The post summarises the steps required to set up DotNetNuke 5 (DNN5) locally on Windows using the full Microsoft SQL Server using SQL Server authentication, ie not the Express version. Getting the Logins and Users right is the crucial trick that I want to remember.

Click on each image to see it larger.

  1. In Microsoft SQL Server Management Studio, connect to your local server. Right-click on Databases on the left. Select "New database". In the following screen, enter a database name, eg "DNN522pen" and click OK without changing anything else.
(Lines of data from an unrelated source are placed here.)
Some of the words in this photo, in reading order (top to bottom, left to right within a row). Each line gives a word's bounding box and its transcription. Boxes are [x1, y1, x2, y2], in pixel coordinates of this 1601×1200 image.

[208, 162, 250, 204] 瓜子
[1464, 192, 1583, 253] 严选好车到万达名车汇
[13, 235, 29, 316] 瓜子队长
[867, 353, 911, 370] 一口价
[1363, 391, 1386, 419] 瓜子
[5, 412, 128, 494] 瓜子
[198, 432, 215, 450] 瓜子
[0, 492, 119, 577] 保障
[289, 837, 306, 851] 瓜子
  2. Now, find the server Security and right-click on Logins and select "New Login...":

  3. Enter a login name such as "dnn522pen", select "SQL Server Authentication" and enter the password. Untick "Enforce password policy" if you wish. Do not set the Default database. Click OK.
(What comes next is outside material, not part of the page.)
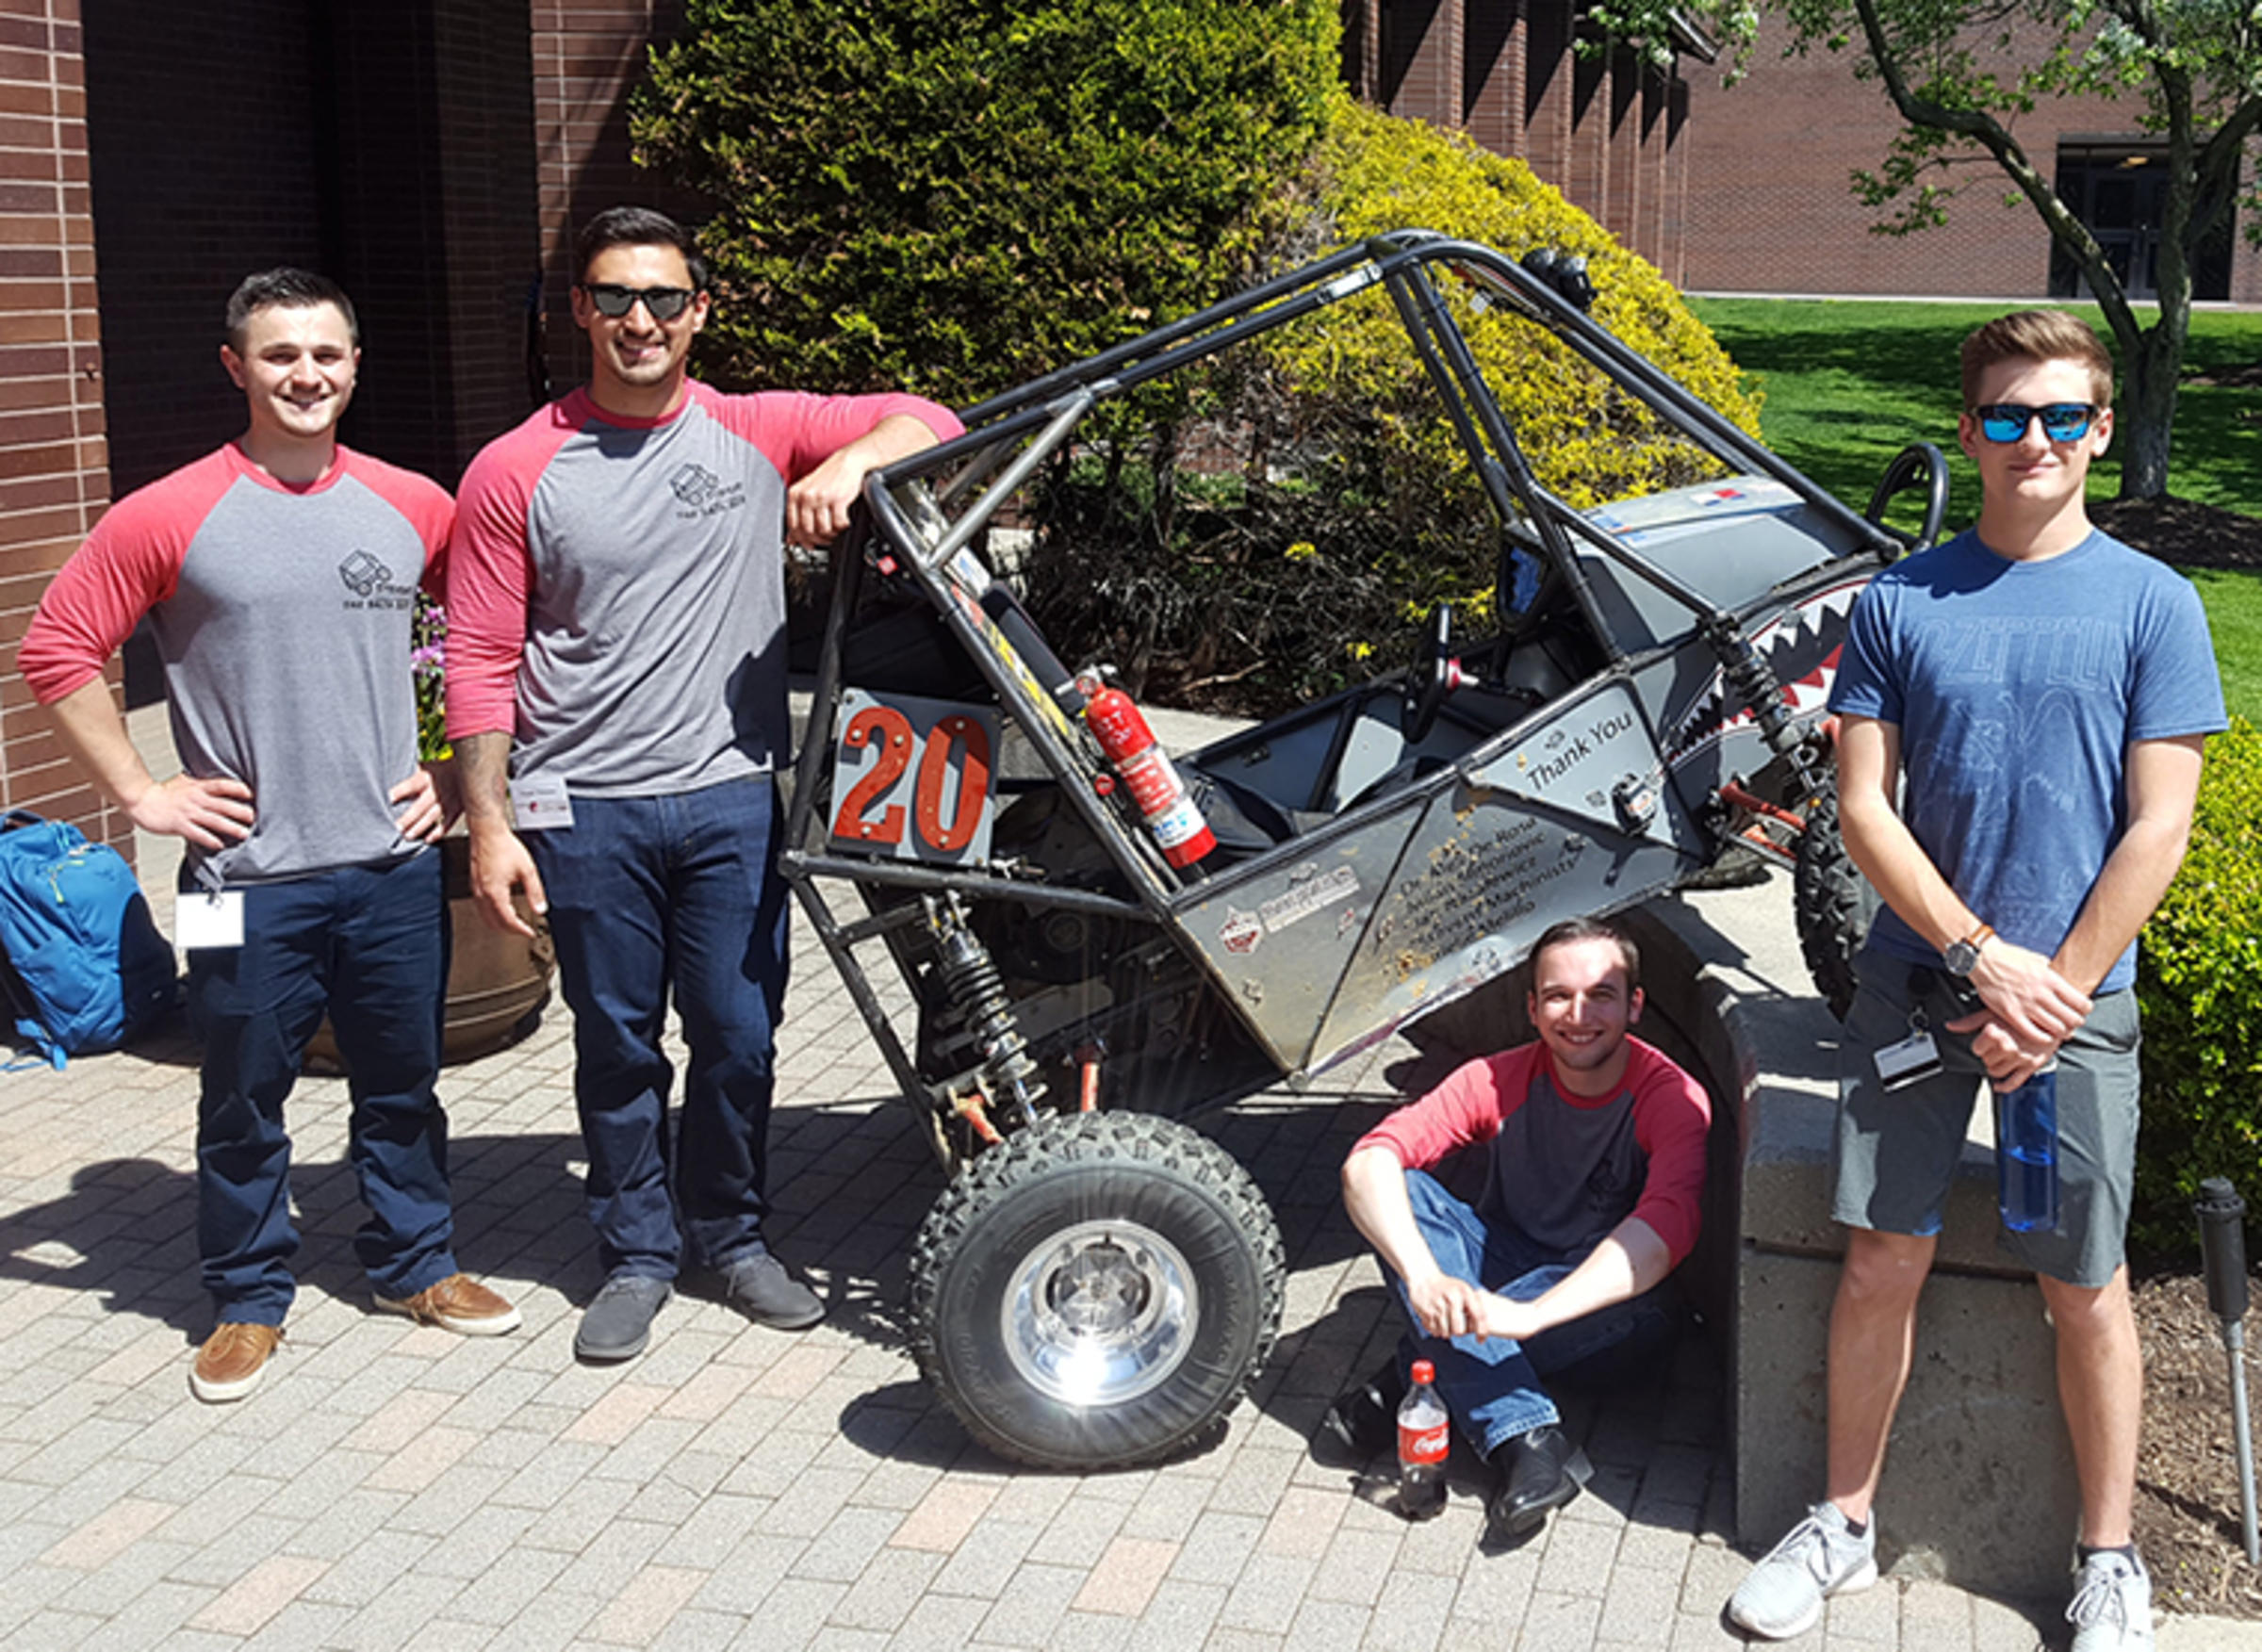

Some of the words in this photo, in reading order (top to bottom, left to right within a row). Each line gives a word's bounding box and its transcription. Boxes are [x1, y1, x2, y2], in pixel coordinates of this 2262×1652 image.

[833, 706, 991, 852] 20
[1527, 737, 1591, 791] Thank
[1589, 712, 1632, 744] You
  4. Open up your database tree on the left: open "dnn522pen" then Security then Users. Right-click and select "New user...":

  5. In the new user dialog, enter a User name such as "dnn522pen" and the Login name you used before eg "dnn522pen". Tick "db_owner" twice below and click OK:

  6. Next, create a new folder on disk somewhere, eg in directory "D:\dnn522pen\". Unzip the DotNetNuke community installation file in there DotNetNuke_Community_05.02.02_Install.zip.

  7. Open up Internet Information Services (IIS 7) Manager. Expand the menu on the left to open Sites and Default Web Site. Click on "Add Application..." on the right.

  8. Enter a suitable alias and physical path, eg "dnn522pen" and "D:\dnn522pen\":

  9. In IIS Manager, select the new alias on the left, select Content View and click "Browse" to start the DNN installation:

  10. After a delay you should see the first DNN install screen. Choose custom:

  11. Test file permissions.

  12. Now, set up your database connection:

    • First, click on "SQL Server 2005/2008 Database" and wait for the screen to refresh

    • Enter "(local)" for the Server

    • Enter the database name, eg "dnn522pen"

    • Uncheck "Integrated Security" and wait for the screen to refresh

    • Enter the User ID and password

    • Keep "Run as db Owner" checked

    • If desired, enter a database table name qualifier, eg "DNN_"

    • Click on "Test Database Connection"

    • If OK, click on Next

  13. Proceed with the rest of the DNN installation as normal.